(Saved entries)
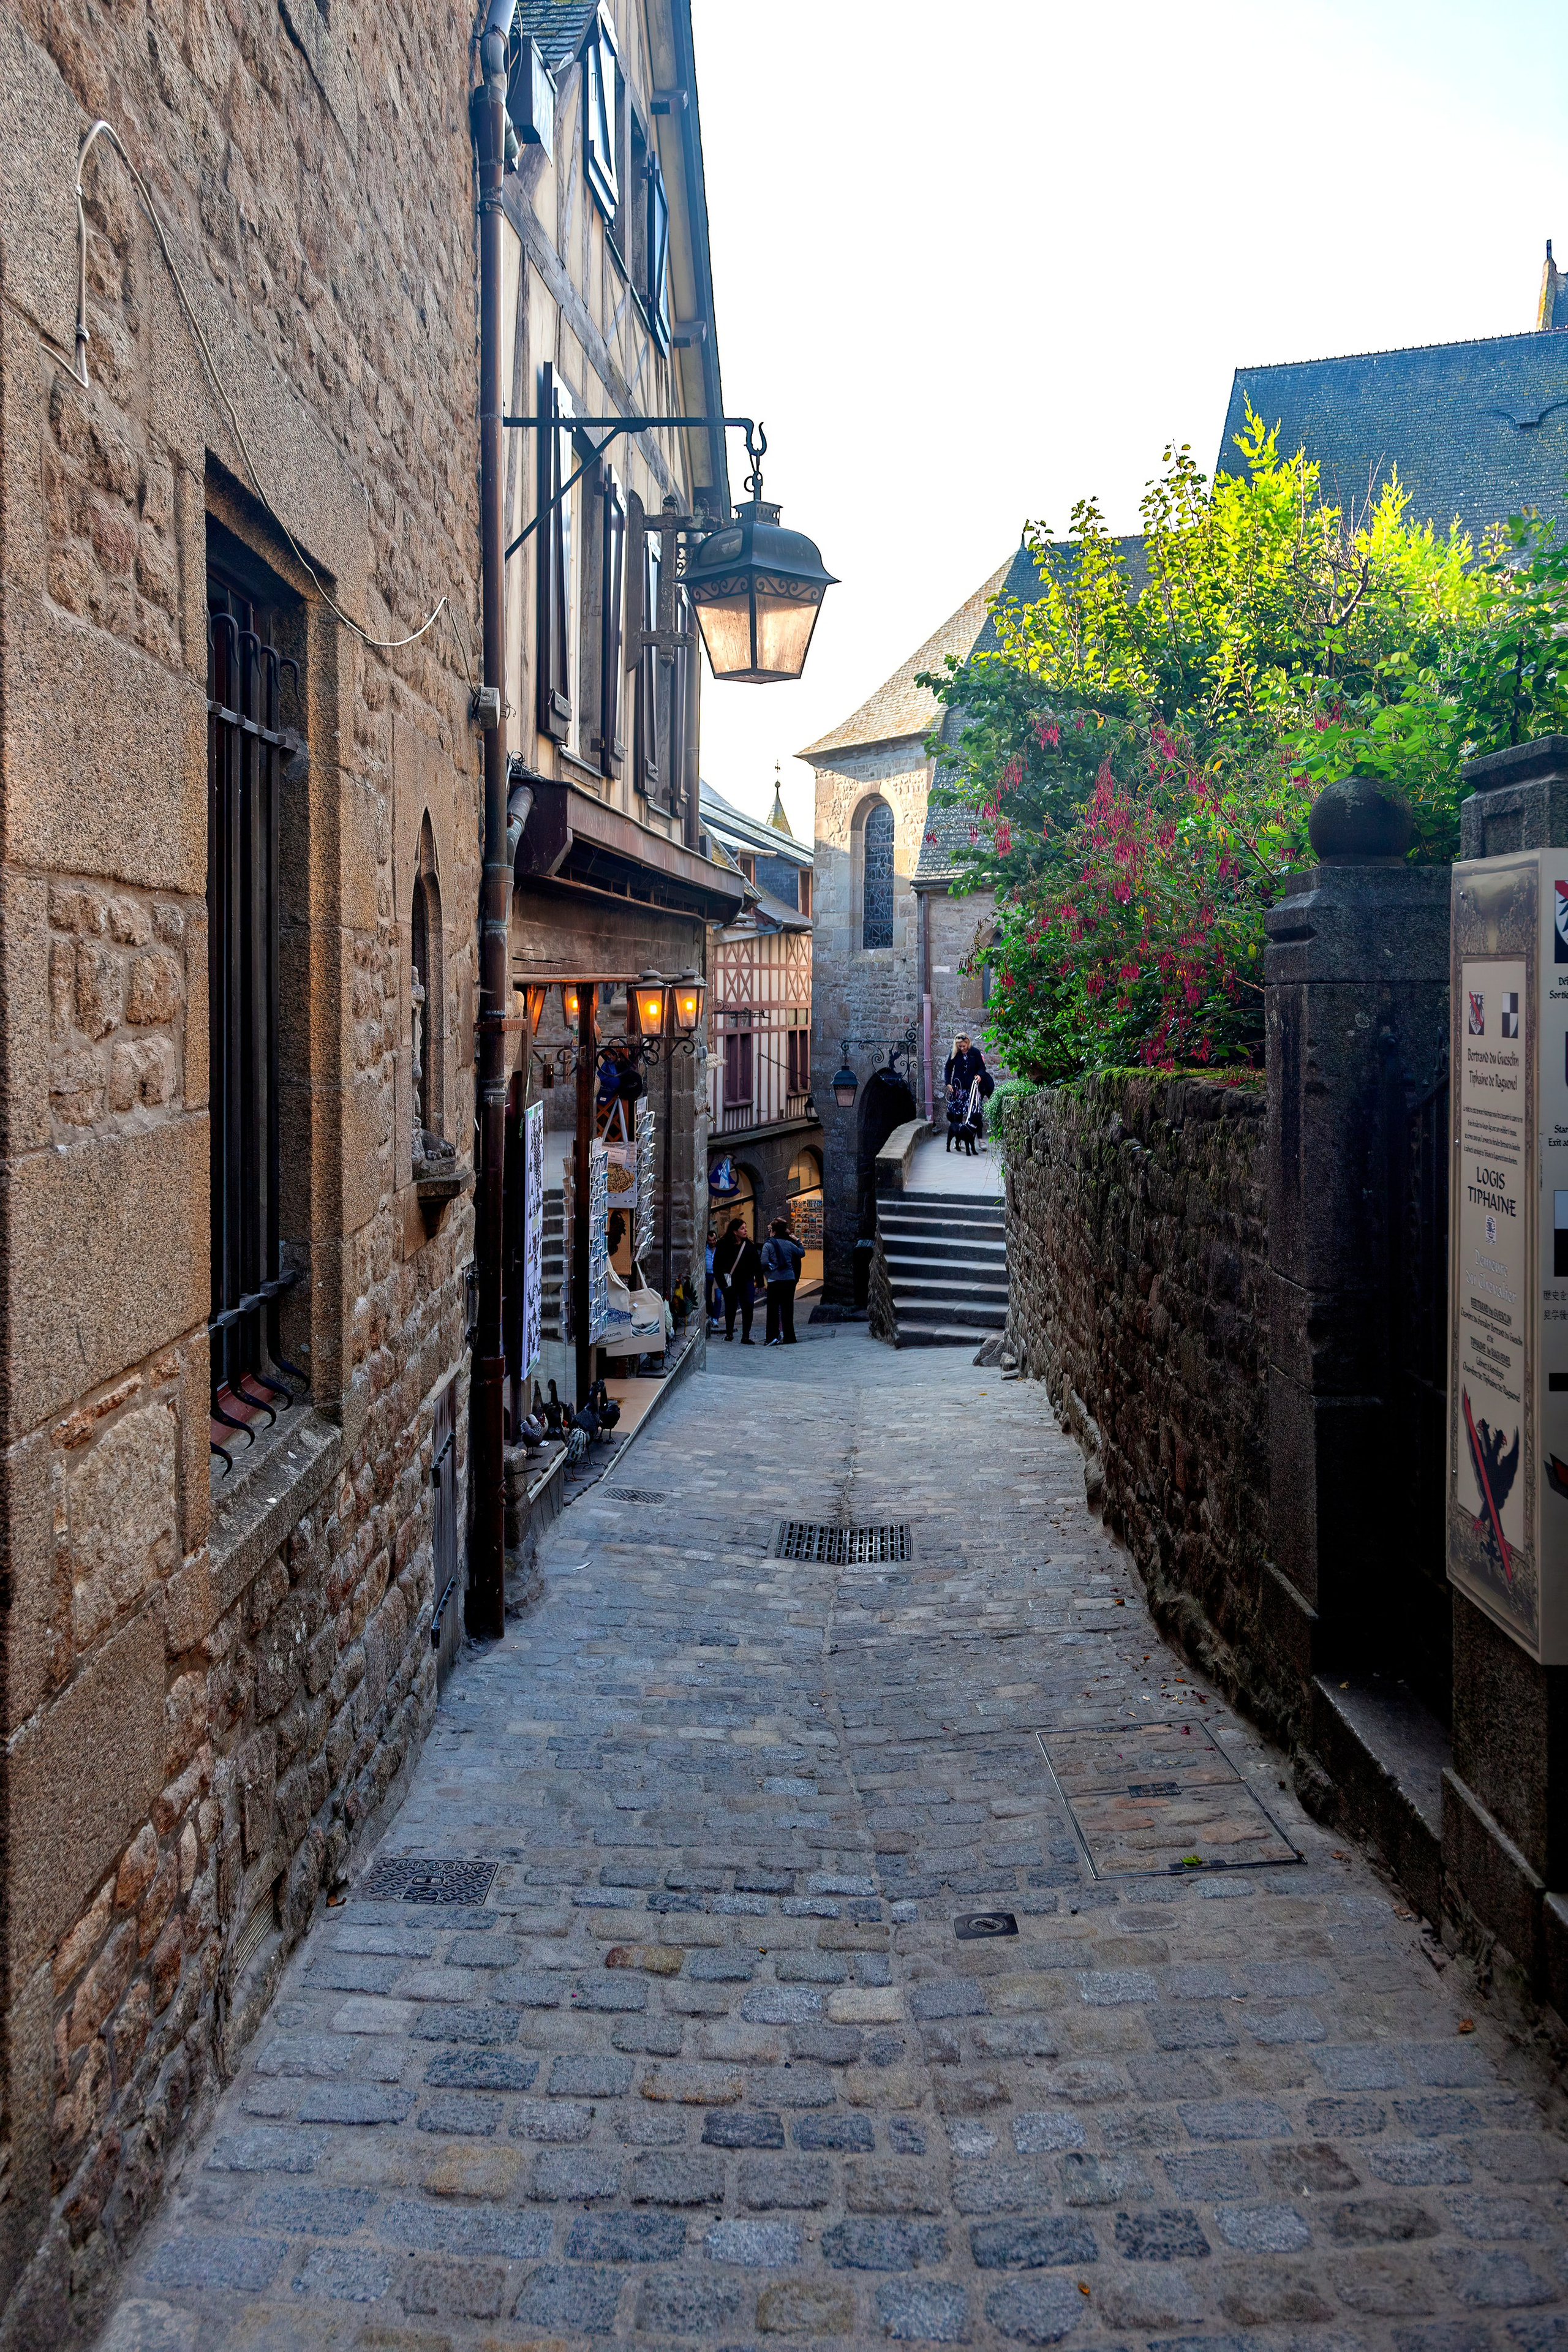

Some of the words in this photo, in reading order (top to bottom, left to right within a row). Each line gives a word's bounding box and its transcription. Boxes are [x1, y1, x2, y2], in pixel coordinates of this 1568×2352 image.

[1468, 1048, 1488, 1063] Bertrand
[1490, 1052, 1496, 1064] du
[1498, 1050, 1519, 1066] Guesclin
[1469, 1069, 1488, 1088] Tiphaine
[1489, 1074, 1494, 1087] de
[1495, 1074, 1518, 1092] Raguenel
[1548, 1137, 1561, 1147] Exit
[1476, 1166, 1506, 1190] LOGIS
[1467, 1186, 1517, 1218] TIPHAINE
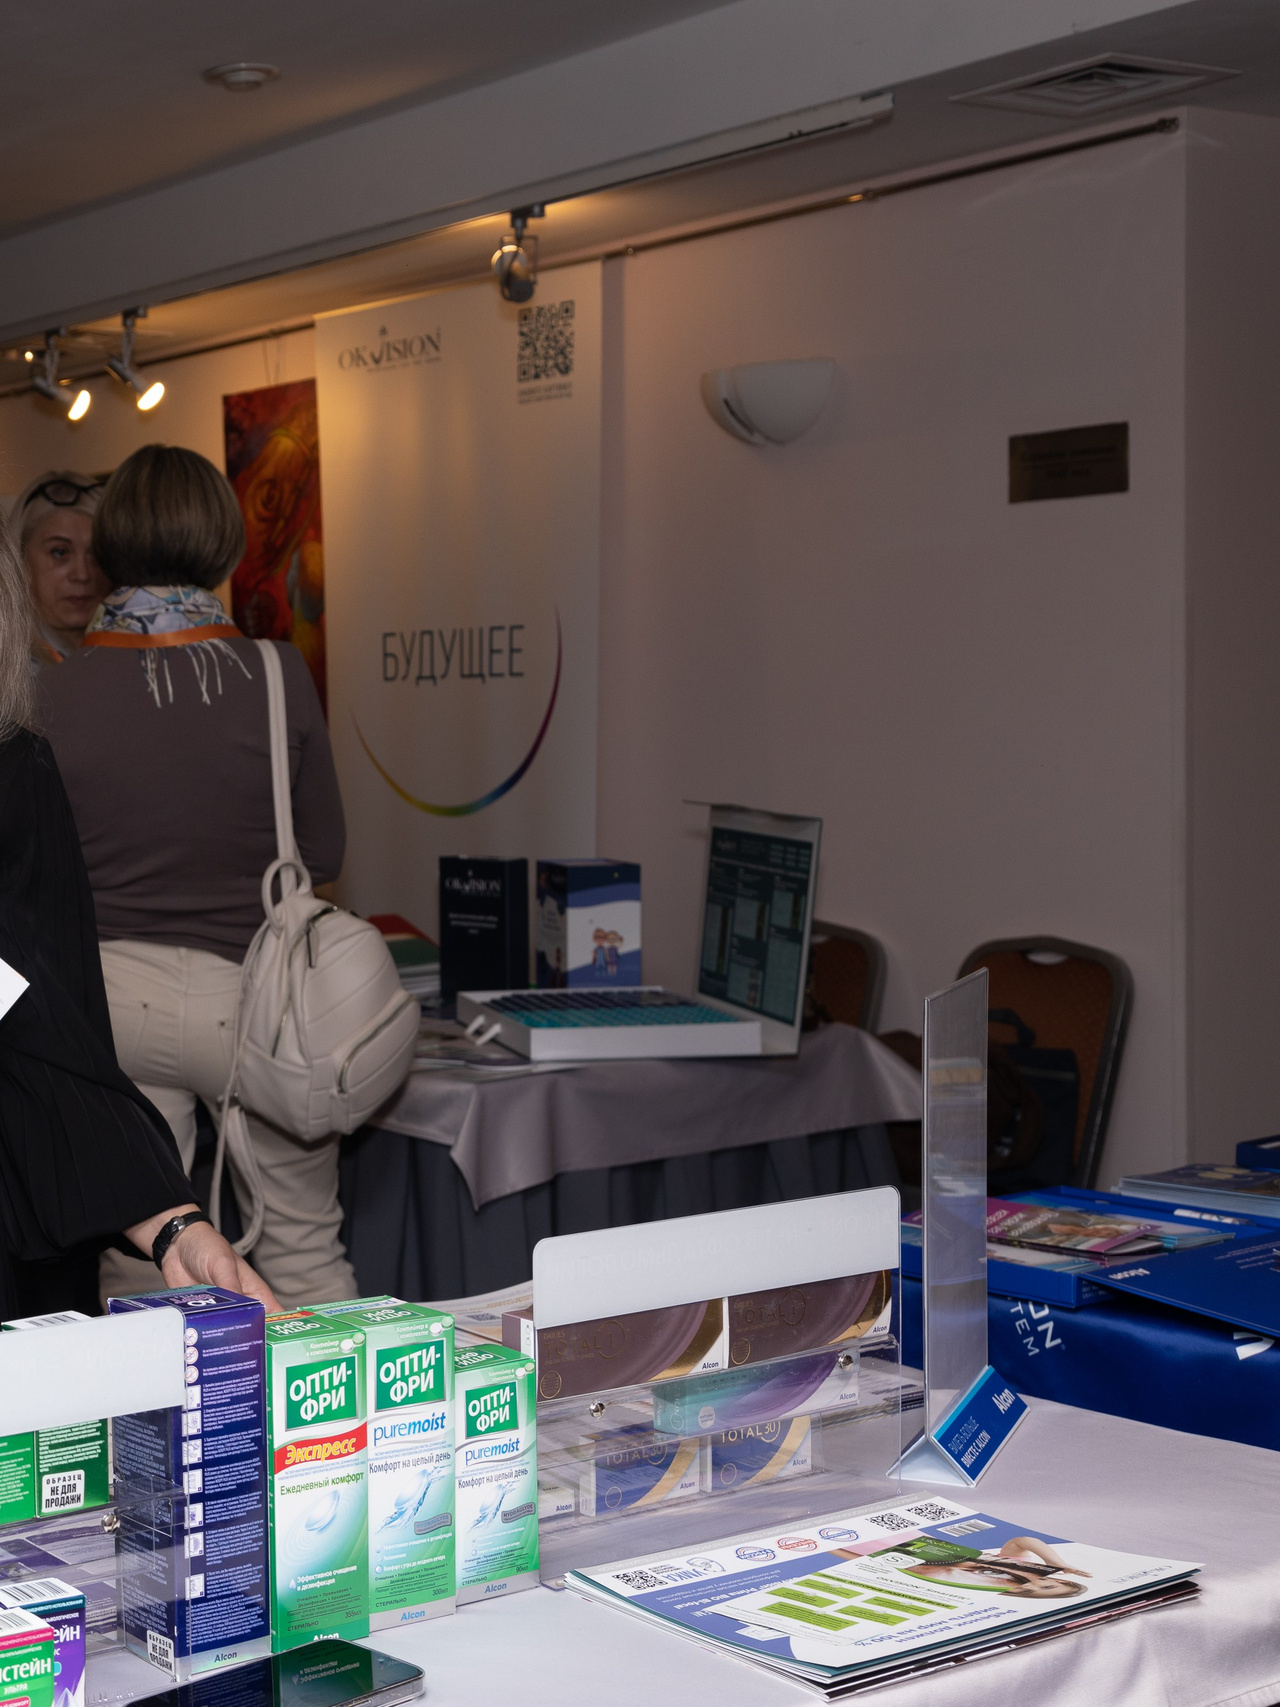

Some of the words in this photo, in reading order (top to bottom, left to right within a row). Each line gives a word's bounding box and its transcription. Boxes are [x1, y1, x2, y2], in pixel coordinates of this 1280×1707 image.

[382, 624, 525, 686] БУДУЩЕЕ
[396, 1325, 423, 1334] Контейнер
[400, 1330, 429, 1339] комплекте
[543, 1330, 566, 1340] DAILIES
[873, 1325, 888, 1333] Alcon
[1010, 1301, 1040, 1356] TEM
[309, 1340, 339, 1350] Контейнер
[379, 1345, 441, 1384] ОПТИ-
[702, 1361, 719, 1370] Alcon
[289, 1362, 352, 1401] ОПТИ-
[389, 1369, 434, 1403] ФРИ
[468, 1386, 514, 1417] ОПТИ-
[839, 1391, 856, 1401] Alcon
[991, 1388, 1016, 1414] Alcon
[300, 1386, 346, 1421] ФРИ
[476, 1404, 510, 1432] ФРИ
[373, 1412, 446, 1447] puremoist
[285, 1438, 356, 1465] Экспресс
[465, 1438, 520, 1466] puremoist
[369, 1461, 400, 1474] Комфорт
[402, 1458, 411, 1468] на
[412, 1453, 434, 1467] целый
[435, 1451, 451, 1463] день
[792, 1458, 808, 1467] Alcon
[46, 1474, 82, 1485] ОБРАЗЕЦ
[280, 1477, 330, 1495] Ежедневный
[331, 1472, 364, 1485] комфорт
[458, 1477, 485, 1489] Комфорт
[486, 1475, 493, 1483] на
[493, 1469, 513, 1483] целый
[514, 1468, 528, 1477] день
[50, 1486, 59, 1496] НЕ
[61, 1483, 77, 1495] ДЛЯ
[680, 1481, 696, 1490] Alcon
[45, 1494, 81, 1509] ПРОДАЖИ
[556, 1504, 573, 1512] Alcon
[297, 1571, 332, 1583] Эффективное
[333, 1565, 357, 1575] очищение
[662, 1568, 705, 1582] УМКА
[301, 1578, 336, 1591] дезинфекция
[462, 1576, 487, 1586] СТЕРИЛЬНО
[485, 1583, 507, 1593] Alcon
[728, 1586, 758, 1597] Prima
[375, 1597, 407, 1608] СТЕРИЛЬНО
[673, 1598, 710, 1610] Bi-focal
[710, 1593, 726, 1602] BIO
[401, 1610, 425, 1621] Alcon
[948, 1606, 999, 1623] видеть
[956, 1609, 1018, 1626] Ребенок
[288, 1621, 319, 1632] СТЕРИЛЬНО
[917, 1620, 947, 1630] мир
[894, 1625, 952, 1643] должен
[895, 1628, 916, 1637] на
[151, 1643, 158, 1654] НЕ
[158, 1646, 169, 1659] ДЛЯ
[214, 1651, 238, 1662] Alcon
[149, 1652, 173, 1672] ПРОДАЖИ
[3, 1683, 28, 1695] УЛЬТРА

▶ **Exercise**
Leaving the images behind, set down every entry word for word.

▶ **Exercise result**
Some of the words in this photo, in reading order (top to bottom, left to right within a row). Each line gives a word's bounding box and its transcription. Boxes are [x1, y1, x2, y2], in pixel coordinates of this 1568×2352 image.

[1468, 1048, 1488, 1063] Bertrand
[1490, 1052, 1496, 1064] du
[1498, 1050, 1519, 1066] Guesclin
[1469, 1069, 1488, 1088] Tiphaine
[1489, 1074, 1494, 1087] de
[1495, 1074, 1518, 1092] Raguenel
[1548, 1137, 1561, 1147] Exit
[1476, 1166, 1506, 1190] LOGIS
[1467, 1186, 1517, 1218] TIPHAINE

Some of the words in this photo, in reading order (top to bottom, left to right within a row). Each line gives a word's bounding box and its transcription. Boxes are [x1, y1, x2, y2], in pixel coordinates of this 1280×1707 image.

[382, 624, 525, 686] БУДУЩЕЕ
[396, 1325, 423, 1334] Контейнер
[400, 1330, 429, 1339] комплекте
[543, 1330, 566, 1340] DAILIES
[873, 1325, 888, 1333] Alcon
[1010, 1301, 1040, 1356] TEM
[309, 1340, 339, 1350] Контейнер
[379, 1345, 441, 1384] ОПТИ-
[702, 1361, 719, 1370] Alcon
[289, 1362, 352, 1401] ОПТИ-
[389, 1369, 434, 1403] ФРИ
[468, 1386, 514, 1417] ОПТИ-
[839, 1391, 856, 1401] Alcon
[991, 1388, 1016, 1414] Alcon
[300, 1386, 346, 1421] ФРИ
[476, 1404, 510, 1432] ФРИ
[373, 1412, 446, 1447] puremoist
[285, 1438, 356, 1465] Экспресс
[465, 1438, 520, 1466] puremoist
[369, 1461, 400, 1474] Комфорт
[402, 1458, 411, 1468] на
[412, 1453, 434, 1467] целый
[435, 1451, 451, 1463] день
[792, 1458, 808, 1467] Alcon
[46, 1474, 82, 1485] ОБРАЗЕЦ
[280, 1477, 330, 1495] Ежедневный
[331, 1472, 364, 1485] комфорт
[458, 1477, 485, 1489] Комфорт
[486, 1475, 493, 1483] на
[493, 1469, 513, 1483] целый
[514, 1468, 528, 1477] день
[50, 1486, 59, 1496] НЕ
[61, 1483, 77, 1495] ДЛЯ
[680, 1481, 696, 1490] Alcon
[45, 1494, 81, 1509] ПРОДАЖИ
[556, 1504, 573, 1512] Alcon
[297, 1571, 332, 1583] Эффективное
[333, 1565, 357, 1575] очищение
[662, 1568, 705, 1582] УМКА
[301, 1578, 336, 1591] дезинфекция
[462, 1576, 487, 1586] СТЕРИЛЬНО
[485, 1583, 507, 1593] Alcon
[728, 1586, 758, 1597] Prima
[375, 1597, 407, 1608] СТЕРИЛЬНО
[673, 1598, 710, 1610] Bi-focal
[710, 1593, 726, 1602] BIO
[401, 1610, 425, 1621] Alcon
[948, 1606, 999, 1623] видеть
[956, 1609, 1018, 1626] Ребенок
[288, 1621, 319, 1632] СТЕРИЛЬНО
[917, 1620, 947, 1630] мир
[894, 1625, 952, 1643] должен
[895, 1628, 916, 1637] на
[151, 1643, 158, 1654] НЕ
[158, 1646, 169, 1659] ДЛЯ
[214, 1651, 238, 1662] Alcon
[149, 1652, 173, 1672] ПРОДАЖИ
[3, 1683, 28, 1695] УЛЬТРА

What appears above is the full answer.